Work to be completed: Make an exact copy of every entry, from the first line to the last.

*** Dataset content Section Begins ***

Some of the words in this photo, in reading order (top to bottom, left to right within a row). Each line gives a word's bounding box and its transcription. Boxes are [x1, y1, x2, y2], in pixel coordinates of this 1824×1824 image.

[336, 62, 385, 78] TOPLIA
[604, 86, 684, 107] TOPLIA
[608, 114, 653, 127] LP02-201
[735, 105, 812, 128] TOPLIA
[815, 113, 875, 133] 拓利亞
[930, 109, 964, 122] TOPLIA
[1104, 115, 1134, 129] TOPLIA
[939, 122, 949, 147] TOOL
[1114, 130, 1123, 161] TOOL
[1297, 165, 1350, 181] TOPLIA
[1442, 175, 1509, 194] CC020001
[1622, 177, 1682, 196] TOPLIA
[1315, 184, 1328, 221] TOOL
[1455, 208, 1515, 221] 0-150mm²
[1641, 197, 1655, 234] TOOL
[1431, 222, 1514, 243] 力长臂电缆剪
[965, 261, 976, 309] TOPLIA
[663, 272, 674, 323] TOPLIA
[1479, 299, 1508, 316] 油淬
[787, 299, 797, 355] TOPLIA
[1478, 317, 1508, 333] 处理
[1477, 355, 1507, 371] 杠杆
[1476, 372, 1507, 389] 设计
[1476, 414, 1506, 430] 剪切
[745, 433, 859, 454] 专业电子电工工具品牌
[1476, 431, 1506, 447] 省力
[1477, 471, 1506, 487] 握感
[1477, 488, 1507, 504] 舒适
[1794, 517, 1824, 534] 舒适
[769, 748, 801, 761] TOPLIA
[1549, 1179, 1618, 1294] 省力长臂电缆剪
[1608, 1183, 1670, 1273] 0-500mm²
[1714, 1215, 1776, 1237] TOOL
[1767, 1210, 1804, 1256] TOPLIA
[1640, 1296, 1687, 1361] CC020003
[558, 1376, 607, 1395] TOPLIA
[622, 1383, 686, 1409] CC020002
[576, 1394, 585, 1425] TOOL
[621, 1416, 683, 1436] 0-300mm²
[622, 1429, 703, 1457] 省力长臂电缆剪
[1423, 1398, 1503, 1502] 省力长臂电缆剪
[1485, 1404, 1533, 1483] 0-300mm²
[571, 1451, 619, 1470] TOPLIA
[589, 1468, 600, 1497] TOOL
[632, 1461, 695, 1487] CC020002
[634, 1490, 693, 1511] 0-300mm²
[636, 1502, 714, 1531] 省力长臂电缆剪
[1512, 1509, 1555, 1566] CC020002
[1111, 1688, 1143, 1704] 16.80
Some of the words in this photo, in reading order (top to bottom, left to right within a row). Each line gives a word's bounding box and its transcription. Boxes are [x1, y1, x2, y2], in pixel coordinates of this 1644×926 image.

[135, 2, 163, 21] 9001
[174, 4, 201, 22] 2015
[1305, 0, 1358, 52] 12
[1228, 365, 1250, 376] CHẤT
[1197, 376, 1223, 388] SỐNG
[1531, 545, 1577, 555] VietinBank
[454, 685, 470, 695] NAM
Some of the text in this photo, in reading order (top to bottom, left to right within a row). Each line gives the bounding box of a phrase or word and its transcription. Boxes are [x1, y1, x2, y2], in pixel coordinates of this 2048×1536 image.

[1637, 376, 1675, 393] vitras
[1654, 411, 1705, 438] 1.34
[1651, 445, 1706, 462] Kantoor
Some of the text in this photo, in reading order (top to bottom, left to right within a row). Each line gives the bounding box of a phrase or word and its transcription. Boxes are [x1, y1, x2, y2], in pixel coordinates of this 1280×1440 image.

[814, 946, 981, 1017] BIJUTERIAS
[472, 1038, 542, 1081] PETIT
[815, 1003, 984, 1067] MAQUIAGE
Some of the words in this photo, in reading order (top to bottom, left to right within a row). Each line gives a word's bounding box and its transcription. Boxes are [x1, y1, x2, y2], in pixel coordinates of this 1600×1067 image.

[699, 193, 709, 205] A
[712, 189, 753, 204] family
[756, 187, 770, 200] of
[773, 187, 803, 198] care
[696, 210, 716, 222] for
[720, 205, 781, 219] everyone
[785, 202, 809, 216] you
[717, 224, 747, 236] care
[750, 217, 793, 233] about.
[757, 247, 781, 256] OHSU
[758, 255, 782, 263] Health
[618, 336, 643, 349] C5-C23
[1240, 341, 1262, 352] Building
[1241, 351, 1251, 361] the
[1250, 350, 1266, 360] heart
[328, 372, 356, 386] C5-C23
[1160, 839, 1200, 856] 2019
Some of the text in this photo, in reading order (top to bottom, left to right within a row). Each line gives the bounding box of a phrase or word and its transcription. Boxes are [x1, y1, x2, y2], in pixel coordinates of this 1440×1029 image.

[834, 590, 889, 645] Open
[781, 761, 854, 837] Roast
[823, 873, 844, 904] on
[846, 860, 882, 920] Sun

*** Dataset content Section Ends ***

Exercise result:
Some of the words in this photo, in reading order (top to bottom, left to right within a row). Each line gives a word's bounding box and its transcription. Boxes are [x1, y1, x2, y2], in pixel coordinates of this 1824×1824 image.

[336, 62, 385, 78] TOPLIA
[604, 86, 684, 107] TOPLIA
[608, 114, 653, 127] LP02-201
[735, 105, 812, 128] TOPLIA
[815, 113, 875, 133] 拓利亞
[930, 109, 964, 122] TOPLIA
[1104, 115, 1134, 129] TOPLIA
[939, 122, 949, 147] TOOL
[1114, 130, 1123, 161] TOOL
[1297, 165, 1350, 181] TOPLIA
[1442, 175, 1509, 194] CC020001
[1622, 177, 1682, 196] TOPLIA
[1315, 184, 1328, 221] TOOL
[1455, 208, 1515, 221] 0-150mm²
[1641, 197, 1655, 234] TOOL
[1431, 222, 1514, 243] 力长臂电缆剪
[965, 261, 976, 309] TOPLIA
[663, 272, 674, 323] TOPLIA
[1479, 299, 1508, 316] 油淬
[787, 299, 797, 355] TOPLIA
[1478, 317, 1508, 333] 处理
[1477, 355, 1507, 371] 杠杆
[1476, 372, 1507, 389] 设计
[1476, 414, 1506, 430] 剪切
[745, 433, 859, 454] 专业电子电工工具品牌
[1476, 431, 1506, 447] 省力
[1477, 471, 1506, 487] 握感
[1477, 488, 1507, 504] 舒适
[1794, 517, 1824, 534] 舒适
[769, 748, 801, 761] TOPLIA
[1549, 1179, 1618, 1294] 省力长臂电缆剪
[1608, 1183, 1670, 1273] 0-500mm²
[1714, 1215, 1776, 1237] TOOL
[1767, 1210, 1804, 1256] TOPLIA
[1640, 1296, 1687, 1361] CC020003
[558, 1376, 607, 1395] TOPLIA
[622, 1383, 686, 1409] CC020002
[576, 1394, 585, 1425] TOOL
[621, 1416, 683, 1436] 0-300mm²
[622, 1429, 703, 1457] 省力长臂电缆剪
[1423, 1398, 1503, 1502] 省力长臂电缆剪
[1485, 1404, 1533, 1483] 0-300mm²
[571, 1451, 619, 1470] TOPLIA
[589, 1468, 600, 1497] TOOL
[632, 1461, 695, 1487] CC020002
[634, 1490, 693, 1511] 0-300mm²
[636, 1502, 714, 1531] 省力长臂电缆剪
[1512, 1509, 1555, 1566] CC020002
[1111, 1688, 1143, 1704] 16.80
Some of the words in this photo, in reading order (top to bottom, left to right within a row). Each line gives a word's bounding box and its transcription. Boxes are [x1, y1, x2, y2], in pixel coordinates of this 1644×926 image.

[135, 2, 163, 21] 9001
[174, 4, 201, 22] 2015
[1305, 0, 1358, 52] 12
[1228, 365, 1250, 376] CHẤT
[1197, 376, 1223, 388] SỐNG
[1531, 545, 1577, 555] VietinBank
[454, 685, 470, 695] NAM
Some of the text in this photo, in reading order (top to bottom, left to right within a row). Each line gives the bounding box of a phrase or word and its transcription. Boxes are [x1, y1, x2, y2], in pixel coordinates of this 2048×1536 image.

[1637, 376, 1675, 393] vitras
[1654, 411, 1705, 438] 1.34
[1651, 445, 1706, 462] Kantoor
Some of the text in this photo, in reading order (top to bottom, left to right within a row). Each line gives the bounding box of a phrase or word and its transcription. Boxes are [x1, y1, x2, y2], in pixel coordinates of this 1280×1440 image.

[814, 946, 981, 1017] BIJUTERIAS
[472, 1038, 542, 1081] PETIT
[815, 1003, 984, 1067] MAQUIAGE
Some of the words in this photo, in reading order (top to bottom, left to right within a row). Each line gives a word's bounding box and its transcription. Boxes are [x1, y1, x2, y2], in pixel coordinates of this 1600×1067 image.

[699, 193, 709, 205] A
[712, 189, 753, 204] family
[756, 187, 770, 200] of
[773, 187, 803, 198] care
[696, 210, 716, 222] for
[720, 205, 781, 219] everyone
[785, 202, 809, 216] you
[717, 224, 747, 236] care
[750, 217, 793, 233] about.
[757, 247, 781, 256] OHSU
[758, 255, 782, 263] Health
[618, 336, 643, 349] C5-C23
[1240, 341, 1262, 352] Building
[1241, 351, 1251, 361] the
[1250, 350, 1266, 360] heart
[328, 372, 356, 386] C5-C23
[1160, 839, 1200, 856] 2019
Some of the text in this photo, in reading order (top to bottom, left to right within a row). Each line gives the bounding box of a phrase or word and its transcription. Boxes are [x1, y1, x2, y2], in pixel coordinates of this 1440×1029 image.

[834, 590, 889, 645] Open
[781, 761, 854, 837] Roast
[823, 873, 844, 904] on
[846, 860, 882, 920] Sun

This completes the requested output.